Level III: Opinions of respected authorities based on clinical experience, descriptive studies or reports of expert committees.
What is left out of this list are qualitative methods such as cases, case series, medical anthropology, narrative methods, phenomenology, ethnography, participatory research models and anecdotal reports, as well as a practitioner’s personal experiences. While EBM has gained a position in the construction of best practices for accreditors, certification agencies, and medical schools, it remains controversial. Five types of arguments have been made against the EBM movement: it lacks a philosophical basis; the definition of evidence is too narrow; the movement itself is not evidence-based; it has limited usefulness in its application to individual patients; and it threatens the autonomy of the patient-physician relationship.8 By ignoring many factors used in practice by physicians, EBM as a form of knowledge building leads to an incomplete (and possibly inaccurate) model of medical epistemology (the study of how we know what we know).9 With appropriate controls and procedures in place, that which is outside the boundaries set by the experimenter is of no consequence to the study of the systems in question. This attempt to limit variables loses contact with the complexity and whole systems view that forms the bases of Chinese medical practices.
While science is typically considered objective, it is also subjective in many ways. This is because the scientific quantitative approaches involve subjective decisions regarding the subject, study design, statistical models and data interpretation. Hence, the scientific endeavor is actually embedded in subjectivity, even though it is often thought of and portrayed as being free of such. Further enhancing this perception of objectivity, scientists often report in the third person or present and analyze data based upon the null hypothesis, which assumes that any kind of difference or significance in a set of data is due to chance. It can be difficult for a scientist who is interested in a particular subject to present a result opposite that which they are attempting to prove. Given that the use of the null hypothesis is essential in the application of statistics, I would prefer that the researcher’s biases, cultural background and other situational influences also be revealed in order to expose potential conflicts of interest.
The creation of knowledge arises from very specific sources of authority. As we come to recognize the assumptions underlying our civilization, we are influenced by dominant cultures, tracing back thousands of years. All of these impact our ability to navigate within, interact with, observe, and inquire within the world today.

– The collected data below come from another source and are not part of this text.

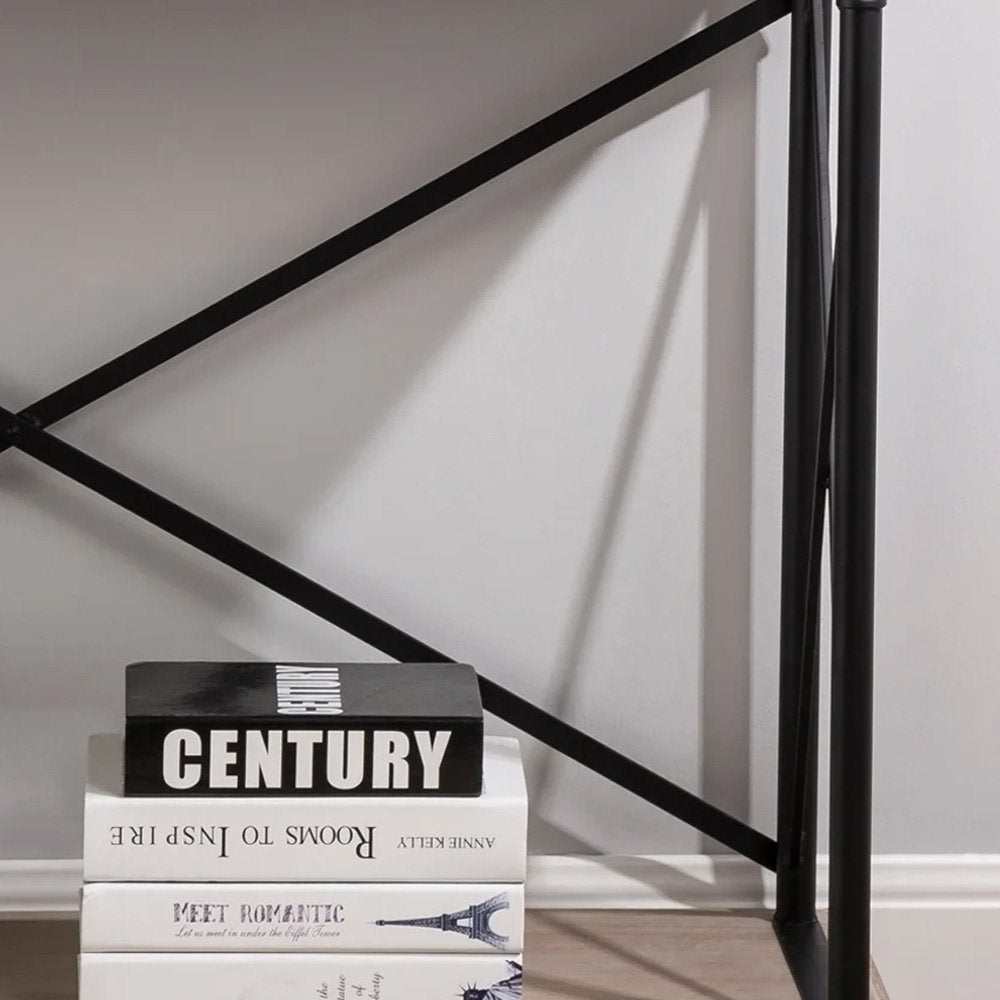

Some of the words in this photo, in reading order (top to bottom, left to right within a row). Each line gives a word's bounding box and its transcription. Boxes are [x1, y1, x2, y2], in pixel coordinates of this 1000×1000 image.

[276, 665, 343, 715] CENTURY
[163, 729, 451, 789] CENTURY
[242, 825, 274, 846] TO
[398, 836, 445, 849] KELLY
[449, 836, 495, 849] ANNIE
[173, 902, 229, 923] MEET
[240, 904, 345, 924] ROMANTIC
[175, 925, 193, 937] Let
[206, 928, 227, 937] meet
[240, 926, 267, 938] under
[269, 927, 282, 937] the
[284, 925, 310, 942] Eiffel
[311, 925, 341, 937] Tower
[316, 982, 328, 999] the
[351, 984, 366, 997] of
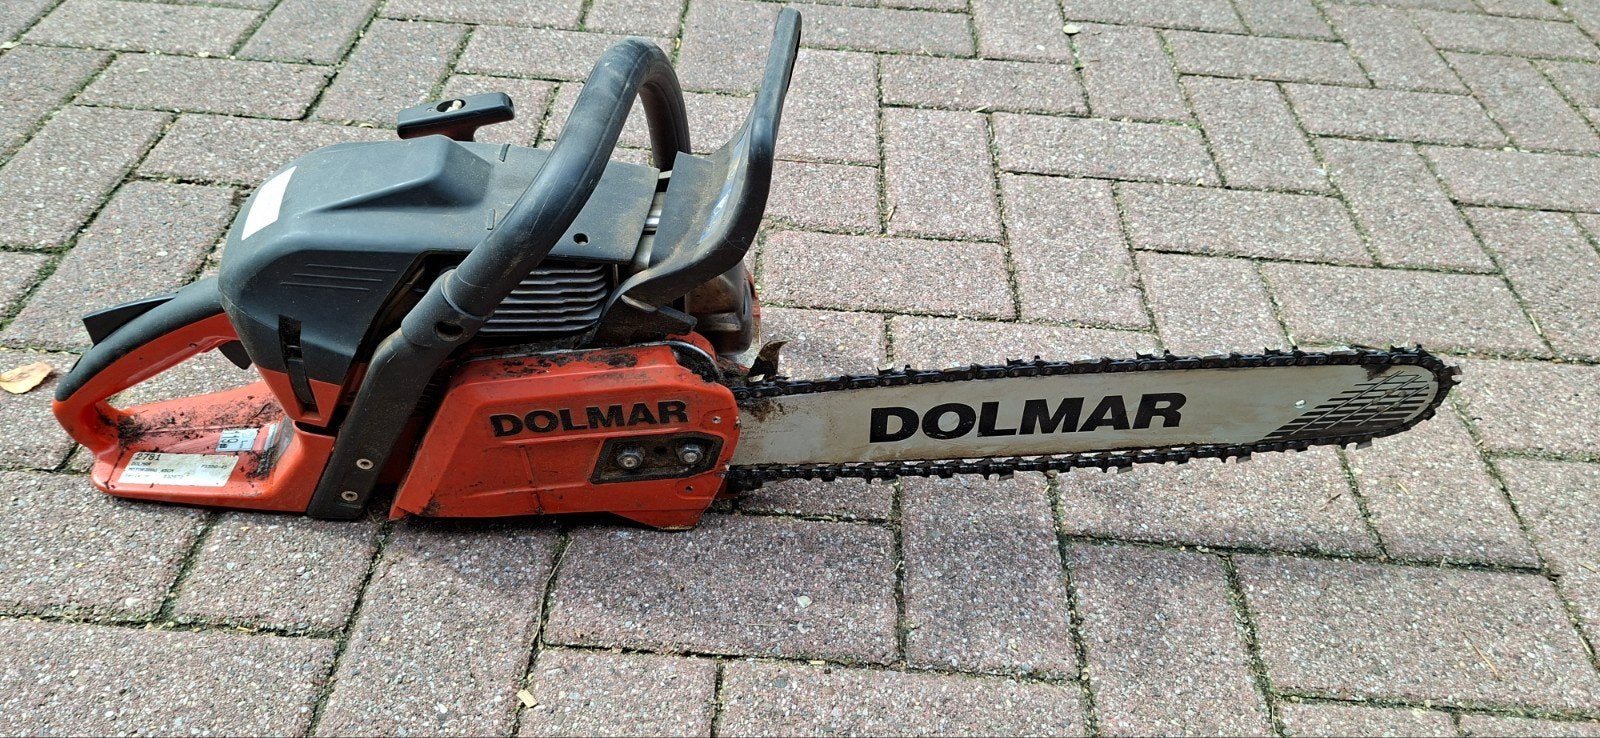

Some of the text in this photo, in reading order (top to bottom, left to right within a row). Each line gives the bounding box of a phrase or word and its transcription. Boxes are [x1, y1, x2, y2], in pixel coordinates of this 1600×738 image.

Indigenous modes of knowing often clash with modernism and the paradigmatic biases of the dominant culture. The questions about research conducted with indigenous populations include: Who does the research belong to? Who benefits? Who has designed and framed the research? Who compiles the results? Where and how are the results disseminated? If these research questions have not been framed, a new question of validity forms. There are further questions that can be leveled towards the researcher in the indigenous domain: Is their spirit clear? Does this person have a good heart? What other issues do they bring? Can they be of assistance to us?10
The creation of knowledge conforms to privilege since it is the privileged who engage in studies by and for those in positions of power. The situational influence of gender, class, profession or nation, cannot be underestimated. Such inquiries are often designed in such a way as to preserve these social structures. The entrenched social and academic structures that define acceptable pathways of knowledge acquisition limit the influences of those outside of these systems. The effect of this is that the “suppressed voices” find it difficult if not impossible to validate and incorporate their knowledge into the system.
If we want different results, we need to find ways to liberate ourselves from the constraints of defining the randomized control trial as the gold standard for clinical knowledge acquisition. Once this happens, we can build an equitable knowledge base.